* **Required work**: Repeat, exactly as written, the line with "this 1660×2212 image." and every line that follows it in the material below, ending with the last.

# # # # # # #

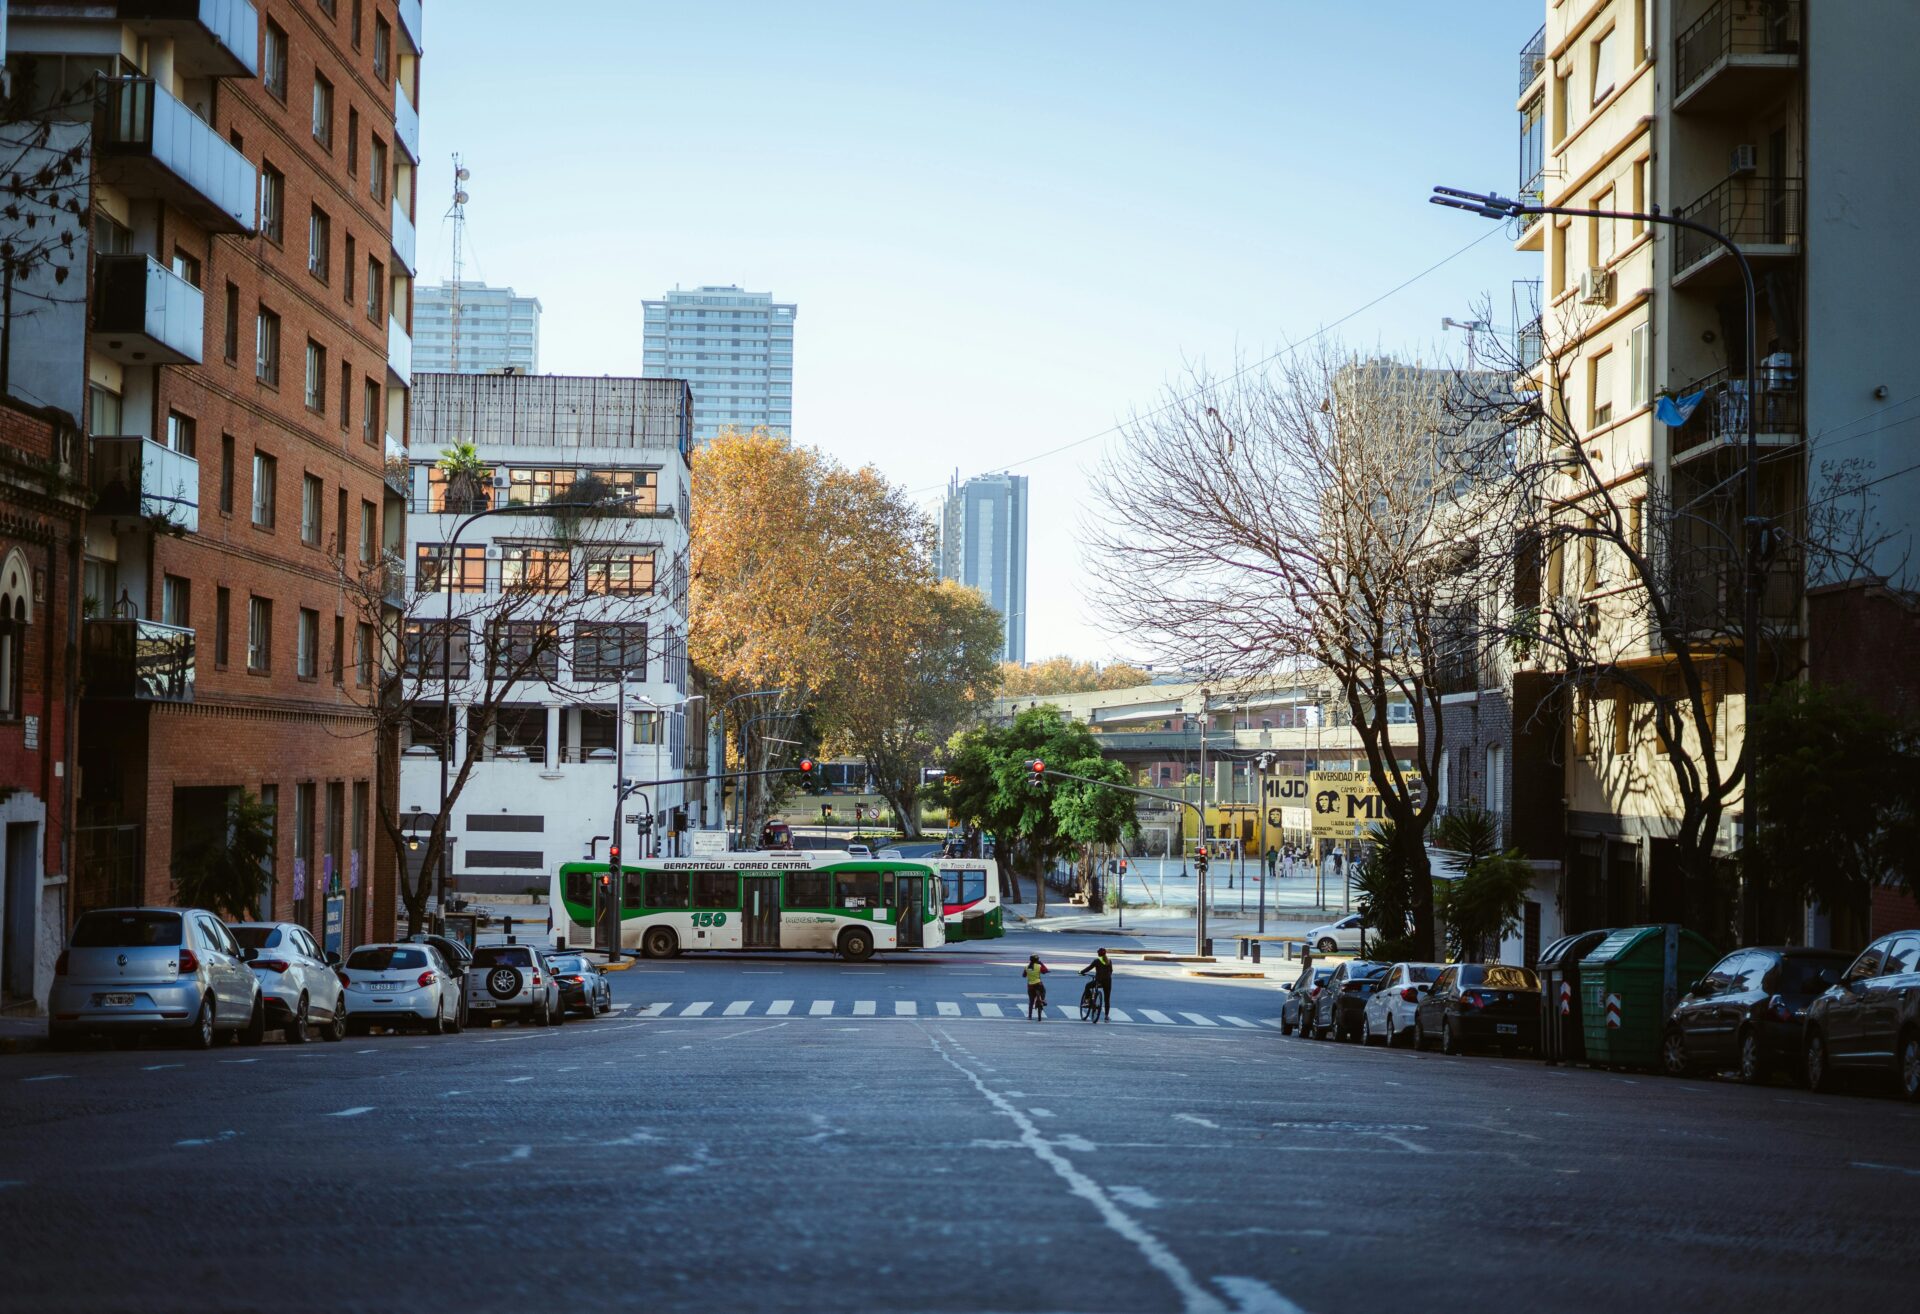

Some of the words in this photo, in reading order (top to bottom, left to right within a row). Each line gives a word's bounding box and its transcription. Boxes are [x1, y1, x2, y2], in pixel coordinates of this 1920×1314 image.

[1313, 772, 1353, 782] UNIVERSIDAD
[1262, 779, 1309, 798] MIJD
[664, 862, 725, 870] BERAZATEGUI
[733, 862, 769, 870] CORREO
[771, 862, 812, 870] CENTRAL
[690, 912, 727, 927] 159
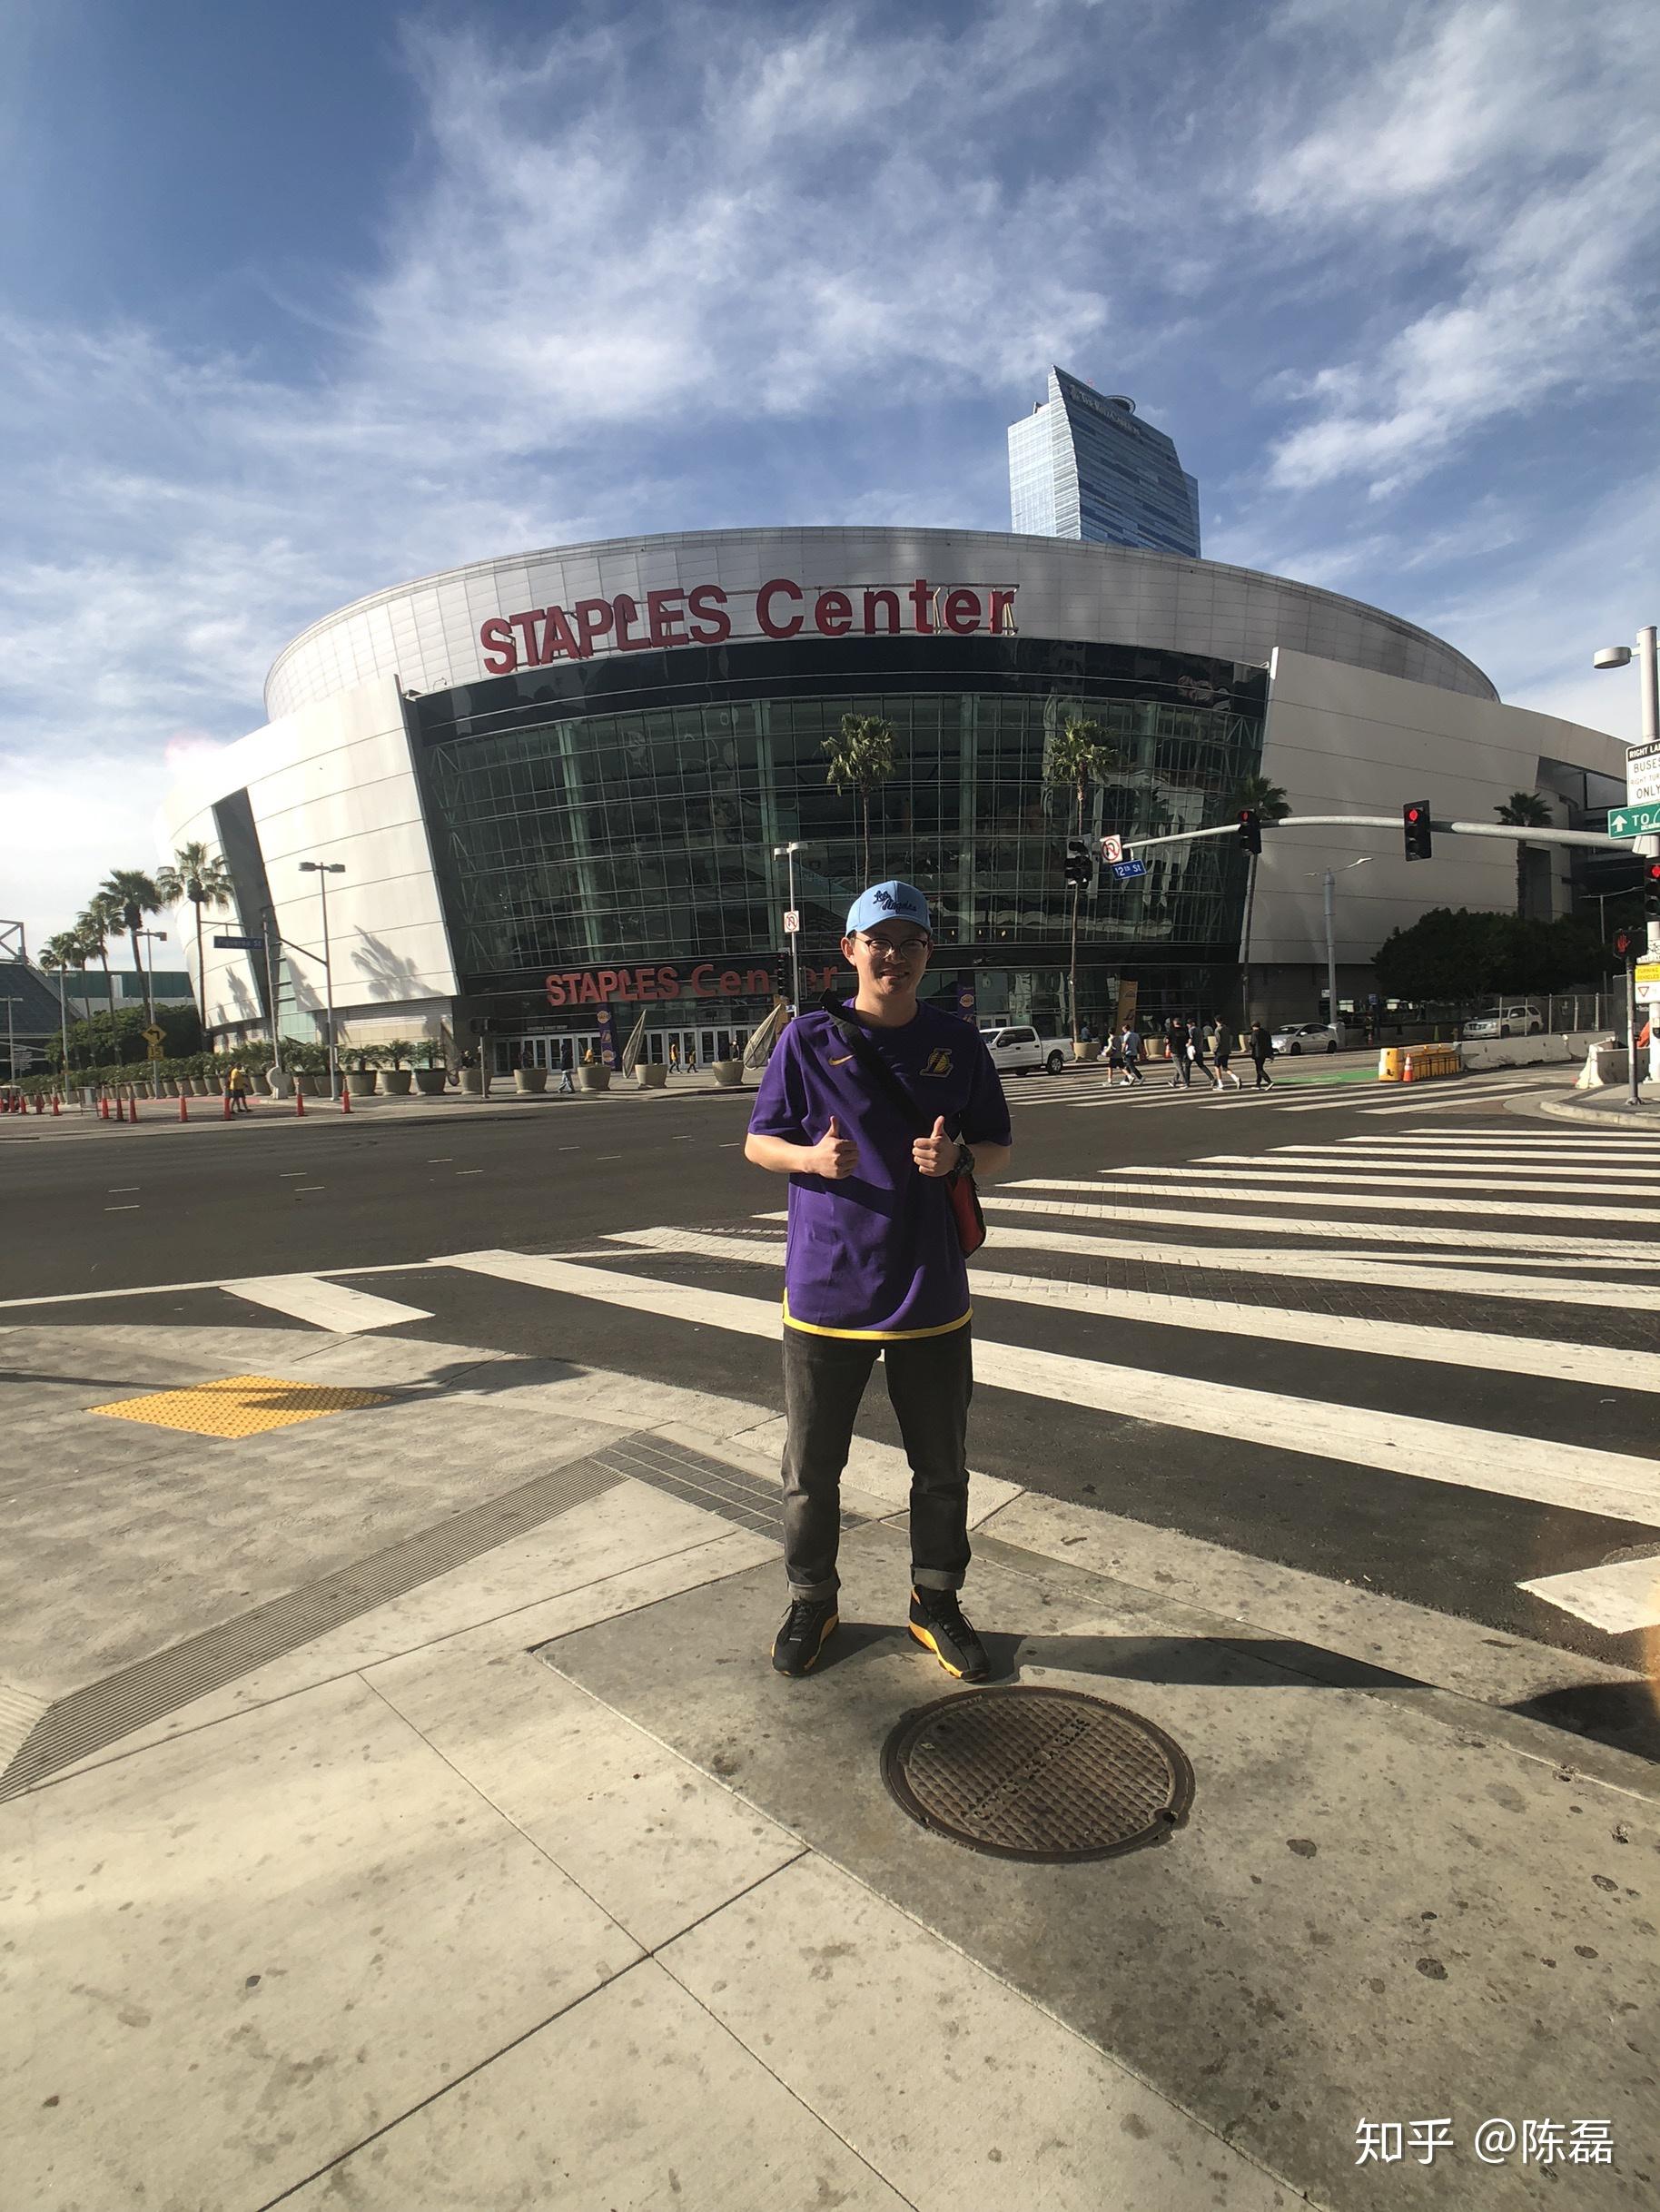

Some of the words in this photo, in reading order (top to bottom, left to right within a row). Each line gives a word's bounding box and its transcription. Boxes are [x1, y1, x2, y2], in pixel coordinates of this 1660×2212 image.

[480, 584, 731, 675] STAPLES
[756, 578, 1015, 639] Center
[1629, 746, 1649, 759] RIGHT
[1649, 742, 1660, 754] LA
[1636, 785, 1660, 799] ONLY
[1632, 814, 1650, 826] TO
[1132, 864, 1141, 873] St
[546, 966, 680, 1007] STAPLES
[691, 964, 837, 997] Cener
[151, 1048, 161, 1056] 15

# # # # # # #

* **Written answer**:
Some of the words in this photo, in reading order (top to bottom, left to right within a row). Each line gives a word's bounding box and its transcription. Boxes are [x1, y1, x2, y2], in pixel coordinates of this 1660×2212 image.

[480, 584, 731, 675] STAPLES
[756, 578, 1015, 639] Center
[1629, 746, 1649, 759] RIGHT
[1649, 742, 1660, 754] LA
[1636, 785, 1660, 799] ONLY
[1632, 814, 1650, 826] TO
[1132, 864, 1141, 873] St
[546, 966, 680, 1007] STAPLES
[691, 964, 837, 997] Cener
[151, 1048, 161, 1056] 15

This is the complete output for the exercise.